CUDNN Batchnorm Backward result is not correct? Found big difference than CPU result.

We observed that the Batch Normal Backward calculation between CPU and CUDNN has big difference.
Can CUDNN expert share some information about the difference between CUDNN and CPU for Batch Normal Backward calculation?

  • The related call to CUDNN is “wrap::cudnnBatchNormalizationBackward()” (tensorflow-1.8.0/tensorflow/stream_executor/cuda/cuda_dnn.cc:Line-3138)

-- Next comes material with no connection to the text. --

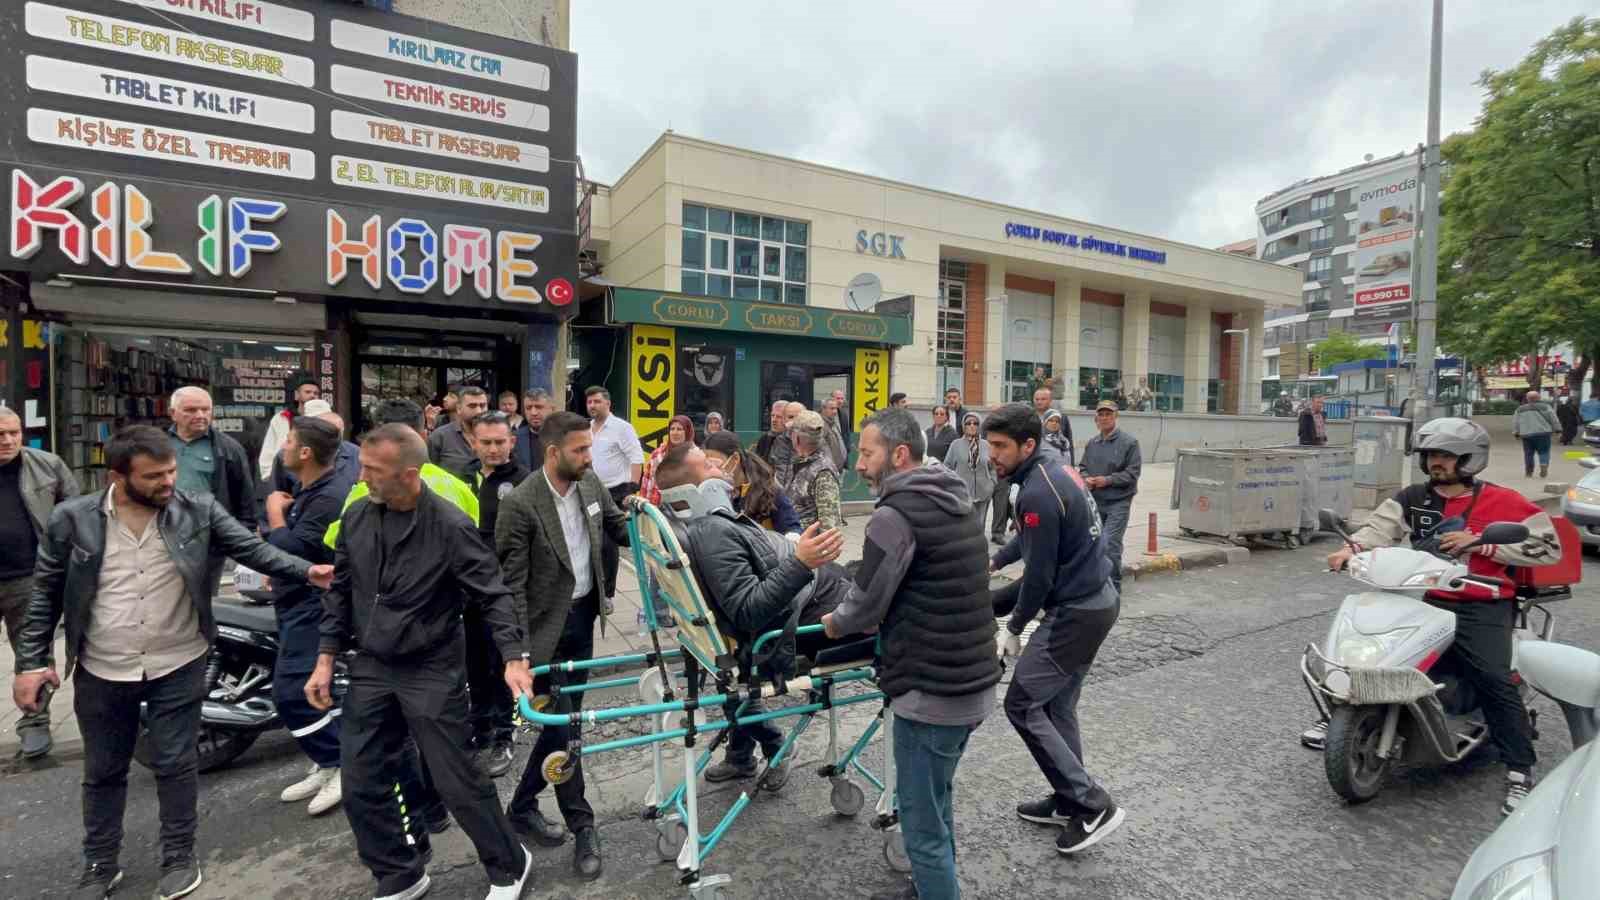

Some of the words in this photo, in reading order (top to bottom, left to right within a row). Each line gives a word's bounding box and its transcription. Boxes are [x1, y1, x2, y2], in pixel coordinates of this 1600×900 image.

We are using following resources:

  • cuda-9.0.176.3
  • cudnn-9.0-linux-x64-v7 (libcudnn.so.7.0.5)
  • Nvidia TITAN V (V100), with nvidia-driver-x86_64-390.77.run (on Ubuntu-16.04)
  • tensorflow-gpu-1.8.0

Please check below for the detailed background:

When evaluating batch normal BACKWORD float16 calculation with CUDNN(Volta Tensor Core) and CPU:
We firstly dump a data set from a real model run (with CUDNN) then feed into following four standalone tensorflow scripts and got four outputs:

  1. CUDNN-with-input-float16, output-float16
  2. CUDNN-with-input-float32, output-float32-then-convert-to-float16
  3. CPU-with-input-float16, output-float16
  4. CPU-with-input-float32, output-float32-then-convert-to-float16

We expect that the four float16 outputs are very close and no big difference, but the real finding is:

  • the output 1 and 2 has no difference with the real reference data, (which proves the data is correct)
  • there’s no difference between output 1 and 2
  • there’s no difference between output 3 and 4
  • difference between 3(or 4) and 1(or 2) is unexpectedly big (average relative diff is about 67%)

Our concerns are:

  1. why the difference is such big between 3(or 4) and 1(or 2)?
  2. does the difference has any side effect to the convergence for models using CPU-float32 calculation?

Could any CUDNN expert share any info about the difference between CUDNN and CPU calculation for Batch Normal backward?